The Metekhi church of the Nativity of the Mother of God (მეტეხის ღვთისმშობლის შობის ტაძარი), known simply as Metekhi, is a Georgian Orthodox Christian church located on the left bank of the river Kura. It sits on the Metekhi Cliff opposite the old town of Tbilisi, Georgia. Much of the existing structure dates back to the Middle Ages and was built between 1278 and 1289 AD under the reign of King Demetrius II of Georgia, although oral tradition traces Metekhi's origins further to the 5th century.

== Description ==
Following a tradition in Georgian architecture of harmonious relationship of temples with the surrounding natural landscape, Metekhi Church was built to look like a growing continuation of the cliff, visible from many city points. The cross-in-square church occupies an area of 20 × 16 meters and is somewhat prolonged vertically. Eastern facade has three convex apses, with central apse being the largest. Nothing similar is known among the churches of 11-13th centuries, which makes it rather unique. The dome with tholobate is internally held by four pillars, which is also a more archaic feature (two pillars after 11th century), as well as semicircular projections on pillars. They were renovated in 16-17th centuries.

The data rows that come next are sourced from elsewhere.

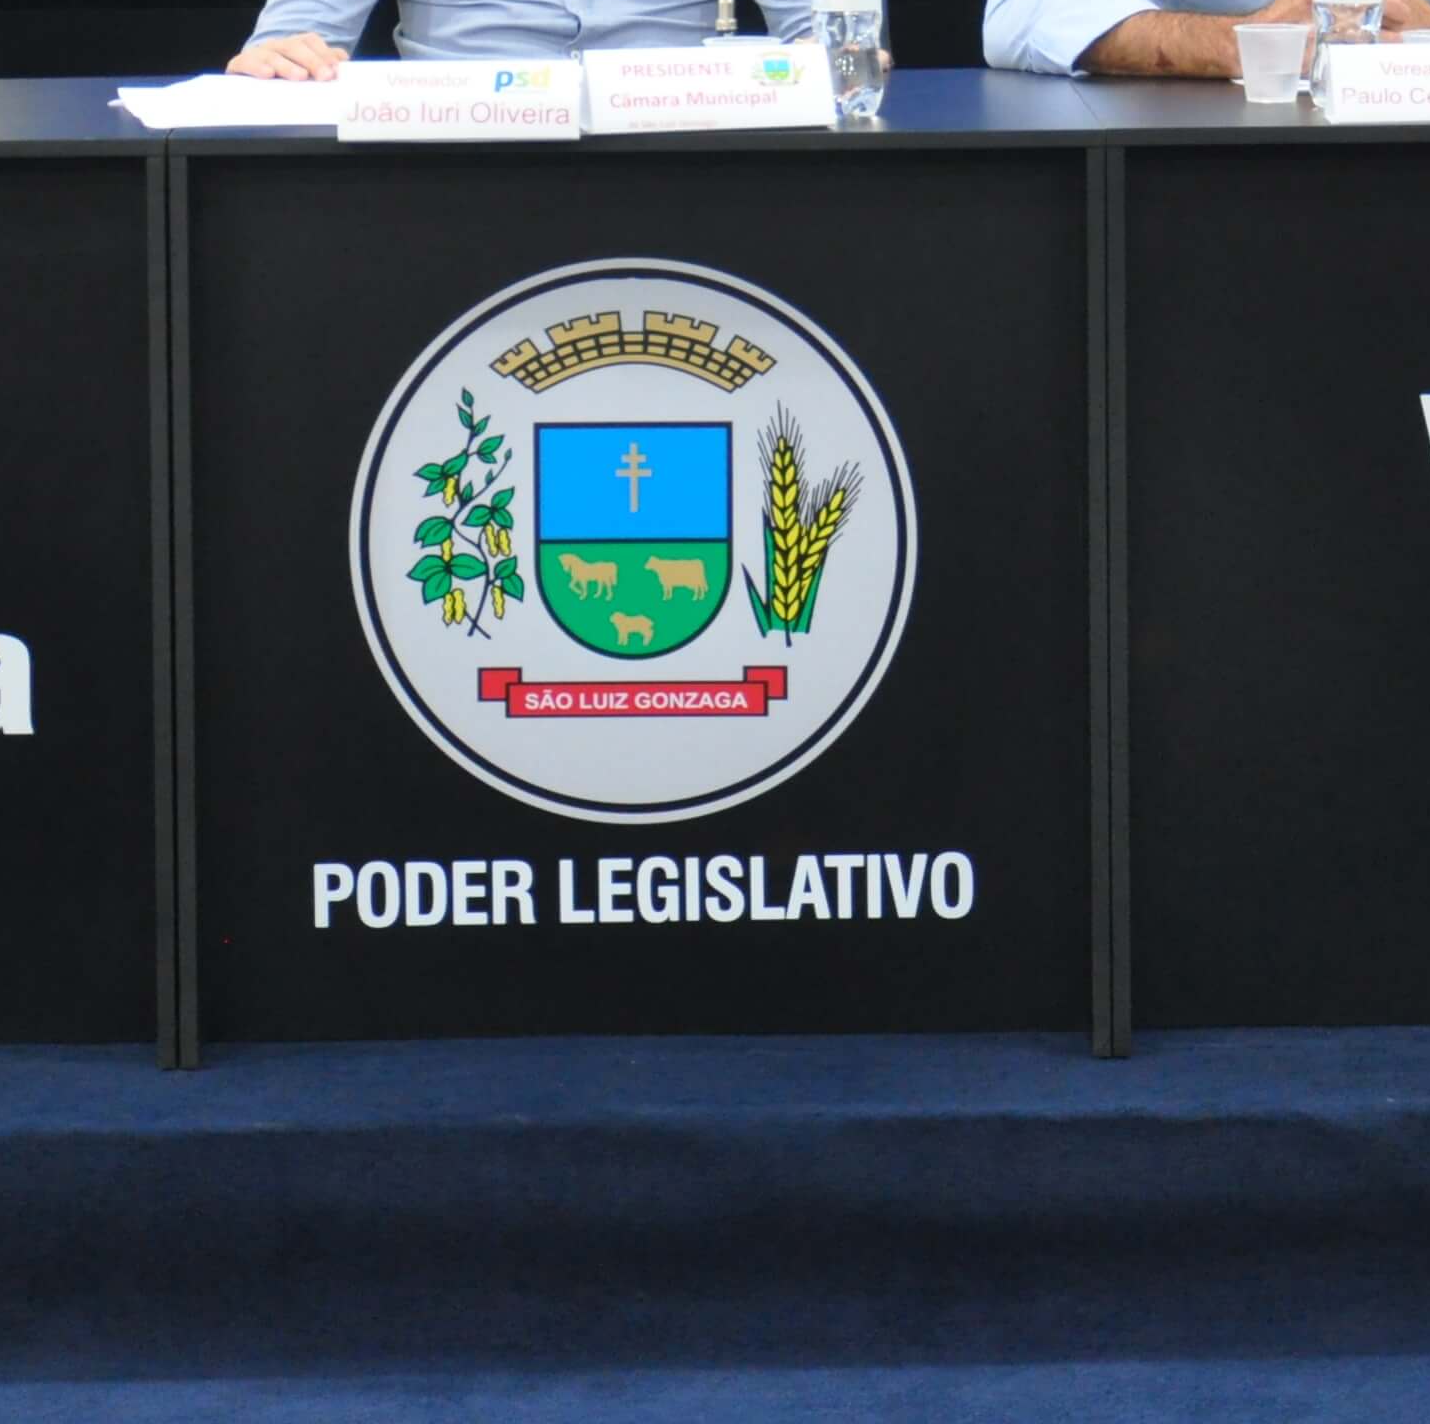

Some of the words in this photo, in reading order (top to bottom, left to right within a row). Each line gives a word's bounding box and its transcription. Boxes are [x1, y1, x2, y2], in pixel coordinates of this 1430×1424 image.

[386, 72, 469, 88] Vereador
[494, 66, 552, 93] psd
[621, 62, 734, 78] PRESIDENTE
[610, 91, 680, 109] Câmara
[685, 90, 779, 108] Municipal
[1341, 87, 1403, 105] Paulo
[346, 101, 411, 124] João
[420, 102, 460, 124] Iuri
[470, 101, 570, 125] Oliveira
[524, 689, 573, 710] SÃO
[578, 691, 626, 710] LUIZ
[634, 691, 748, 709] GONZAGA
[313, 859, 537, 929] PODER
[558, 851, 974, 926] LEGISLATIVO
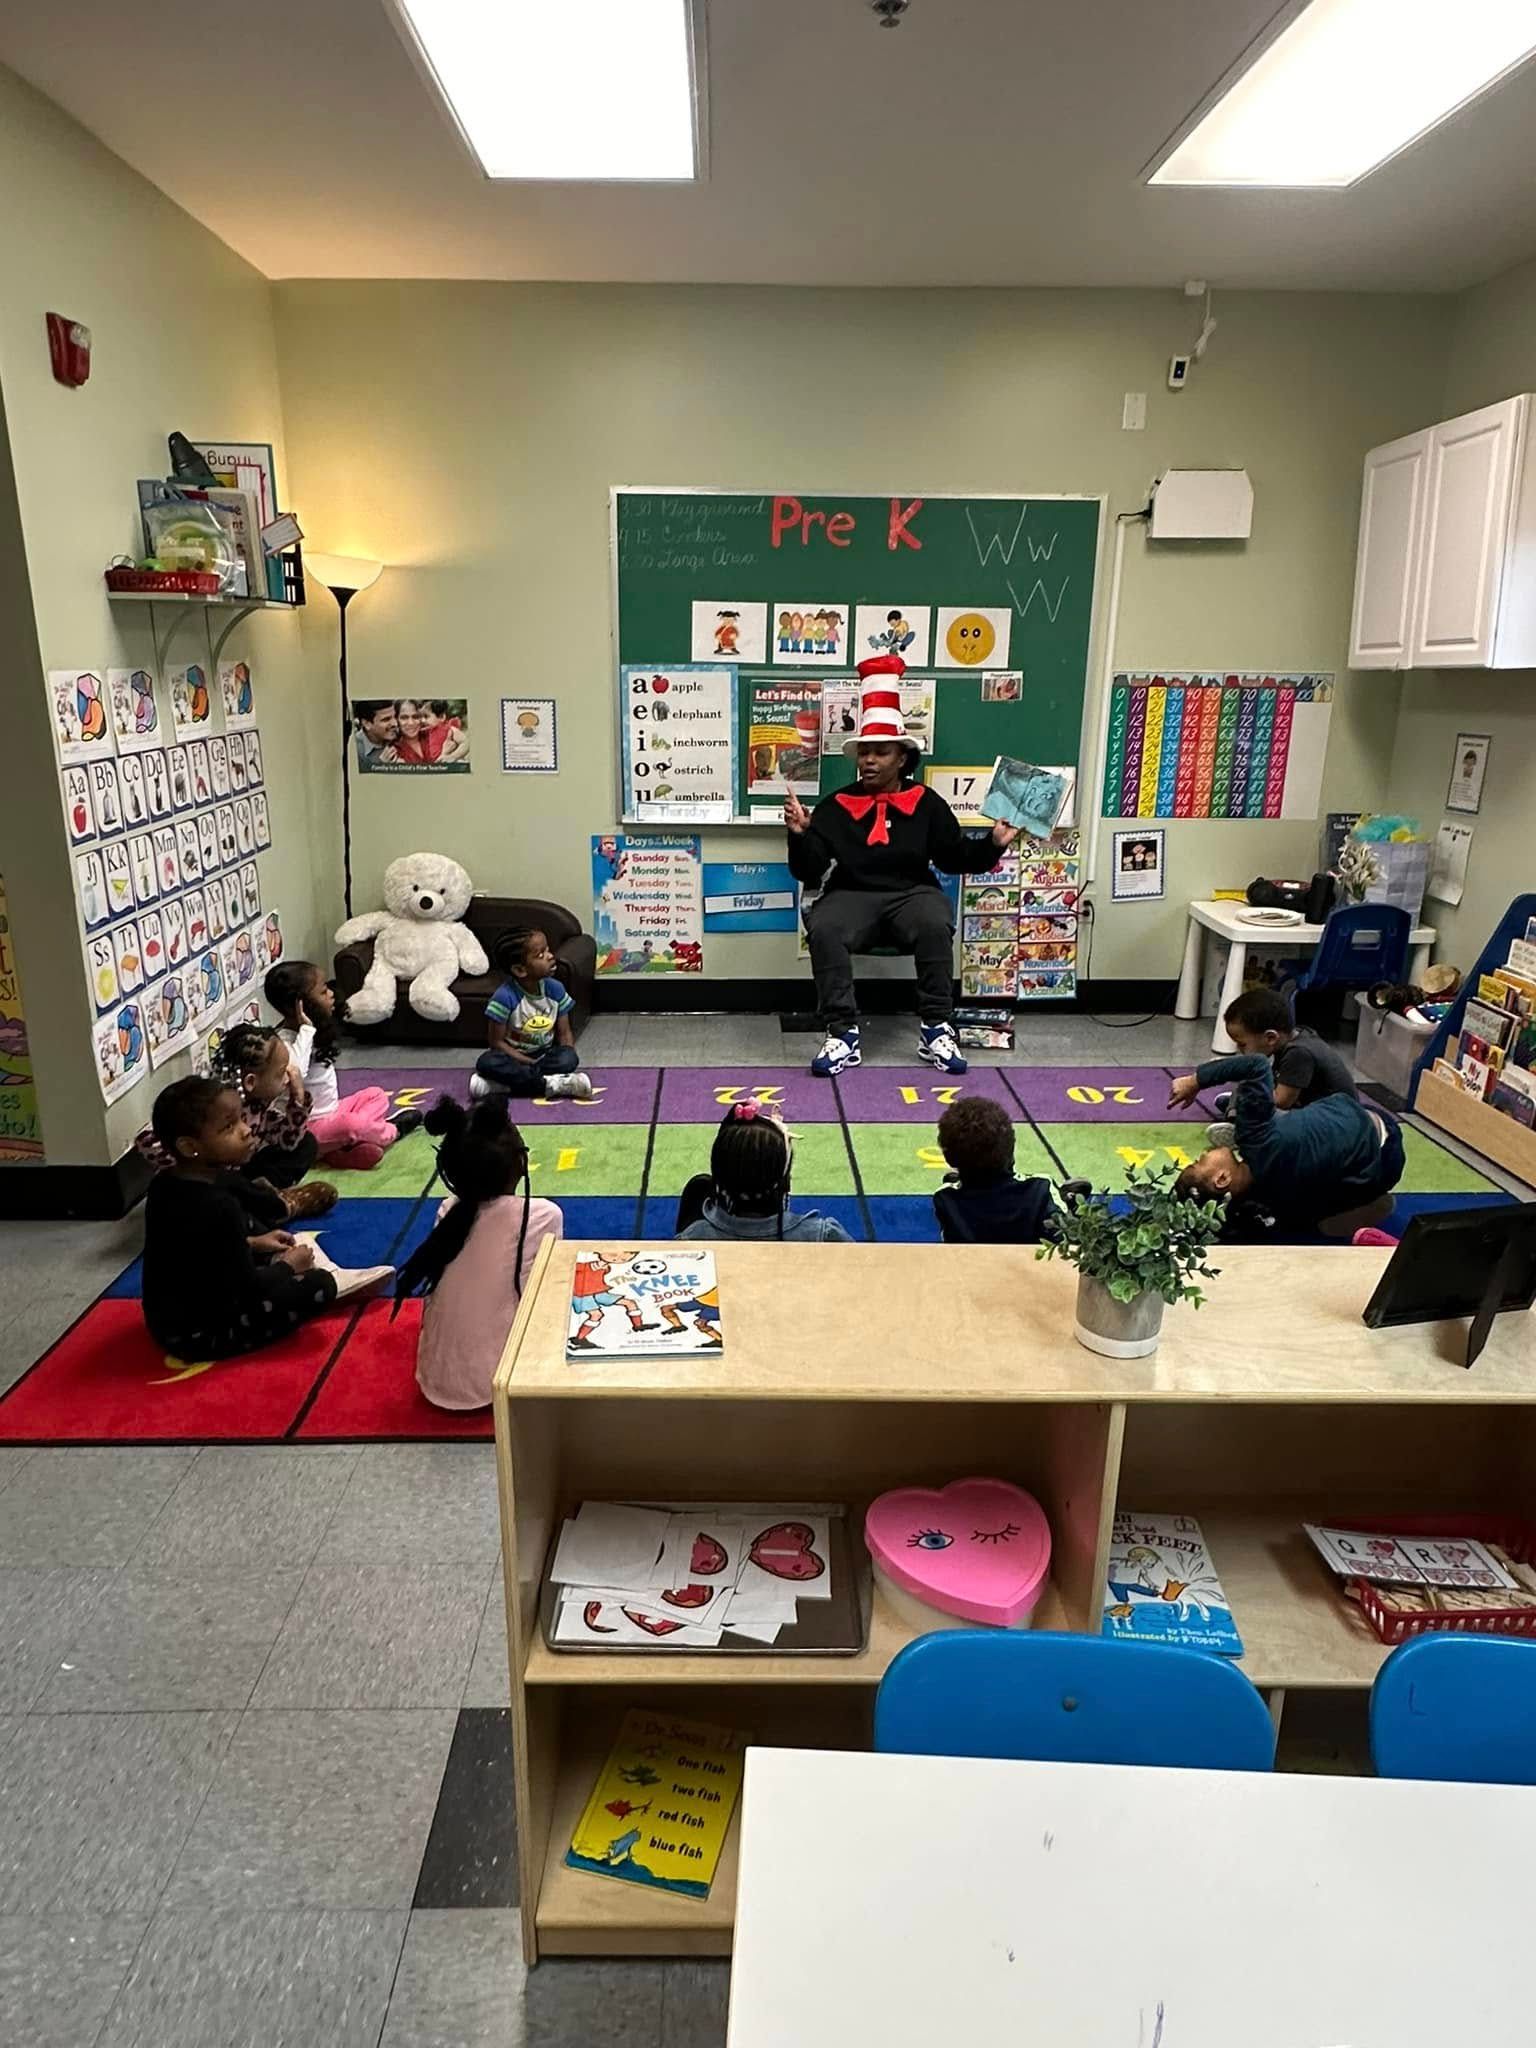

Pointed arches under the dome date back to the 16-17th centuries. The tholobate was damaged by lightning in the 17th century and restored in 18th. The church has a portal on the northern side, with stairs and entrance from the east. The portal also had a western entrance, which is no longer in existence. Position of the portal in the central part of the wall, rather than in the western part, is also not typical for the 11th-12th century architecture.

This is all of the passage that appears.